On Wed, May 19, 2010 at 6:43 AM, theluketaylor <[email protected]> wrote:
> Your idea to have 1 NIC for each of the switches to me sounds like the least
> fraught with peril (at least of the free options). In such
> a scenario bonding isn't the route you would want to take.
One switch per NIC is the simplest setup, but not the best performing,
assuming no money spent. In this setup, every client competes with 14
other clients for 100 mbps.
Alternatively, bond 3 NICs on a switch, then chain the switches. Now
12 clients compete for 300 mbps. 14 clients compete for 100 mbps, and
collectively for 300 mbps, while the 19 remaining clients (never mind
there's only 15 open ports on the switch) compete for 100 mbps,
collectively for what's left of 100 mbps from the second switch, and
then what's left of the 300 mbps from the first switch.
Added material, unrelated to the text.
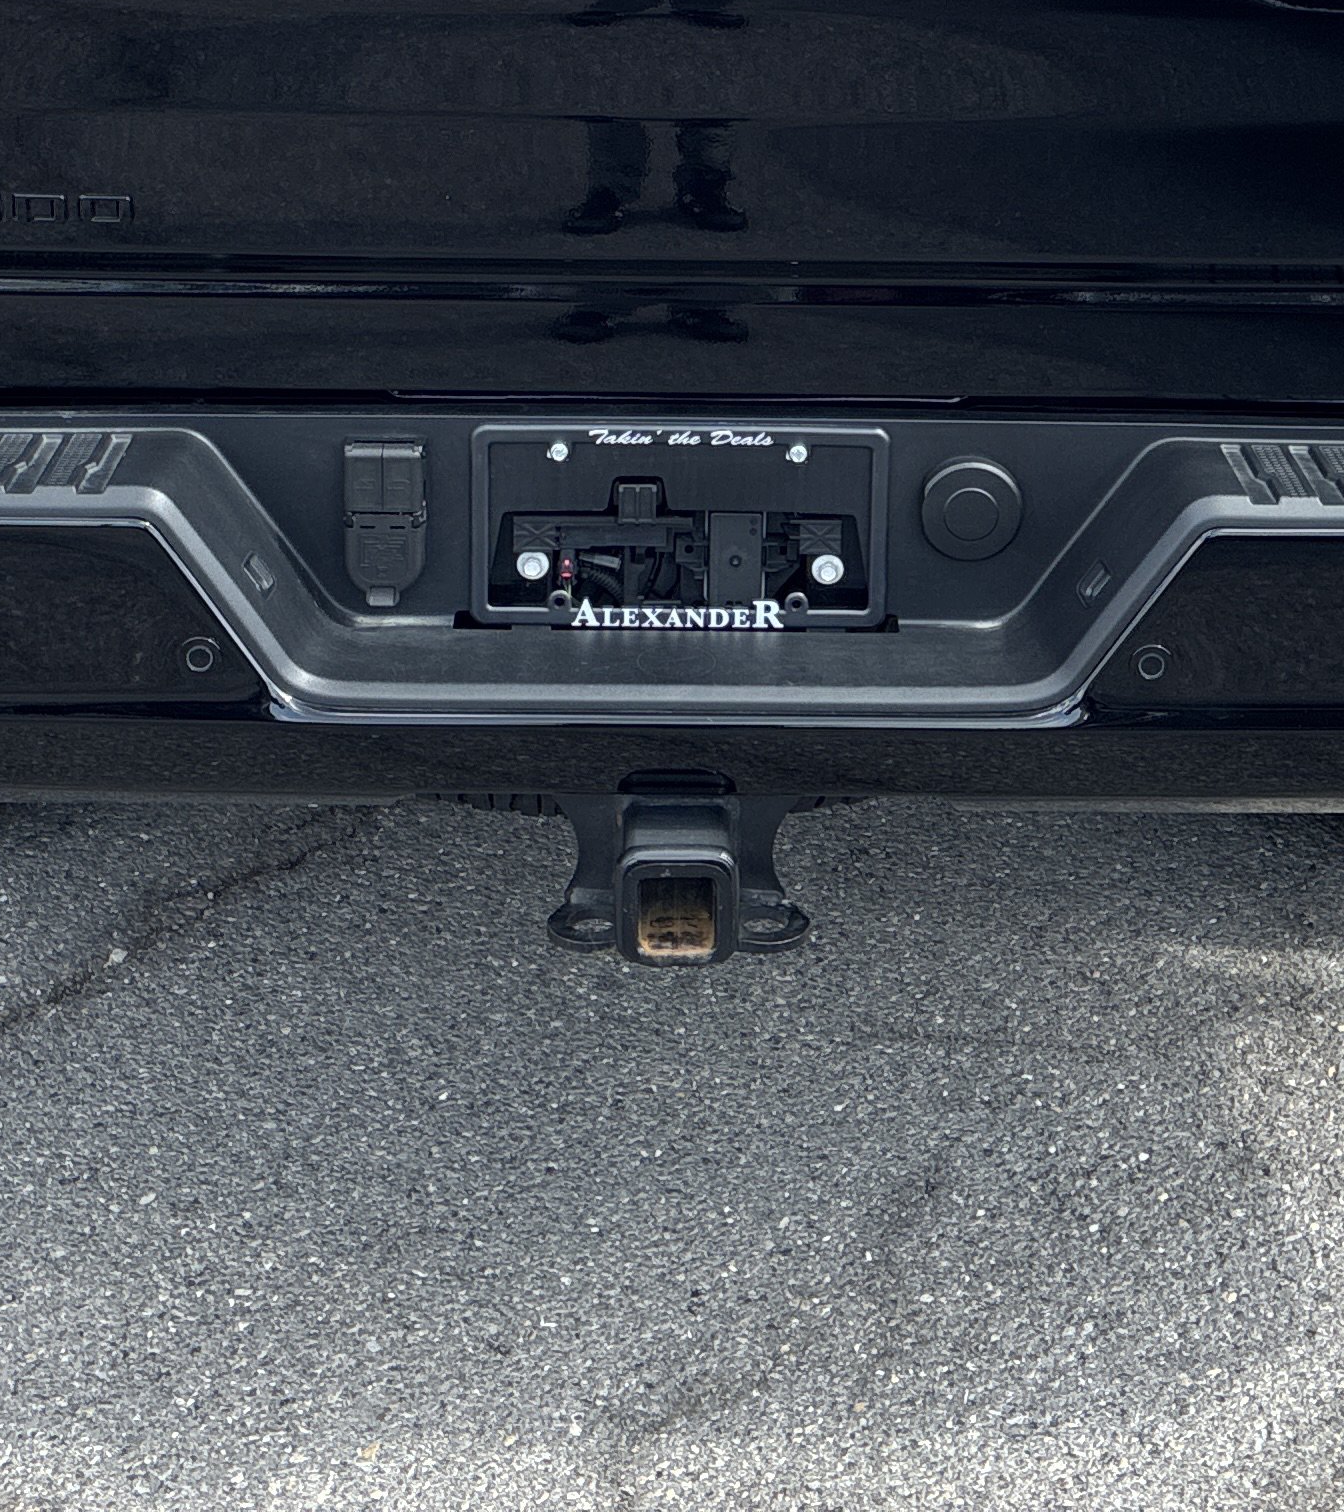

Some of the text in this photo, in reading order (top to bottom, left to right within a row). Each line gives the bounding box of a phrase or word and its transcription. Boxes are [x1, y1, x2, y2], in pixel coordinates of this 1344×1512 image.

[588, 429, 774, 446] Takin' the Deals
[571, 597, 784, 629] ALEXANDER
In this
scenario, if every client is active, and assuming every port gets an
equal slice, the clients on the first switch each get 23 mbps, those
on the second switch get 1.5 mbps, and those on the third switch get
100 kbps.
The best-performing setup has 3 NICs bonded on the first switch with
the 2 remaining switches plugged into the first. Now you have 11
clients sharing 300 mbps, or 27 mbps each, and 30 clients sharing 54
mbps, or 1.8 each. You still have 4 clients without a link.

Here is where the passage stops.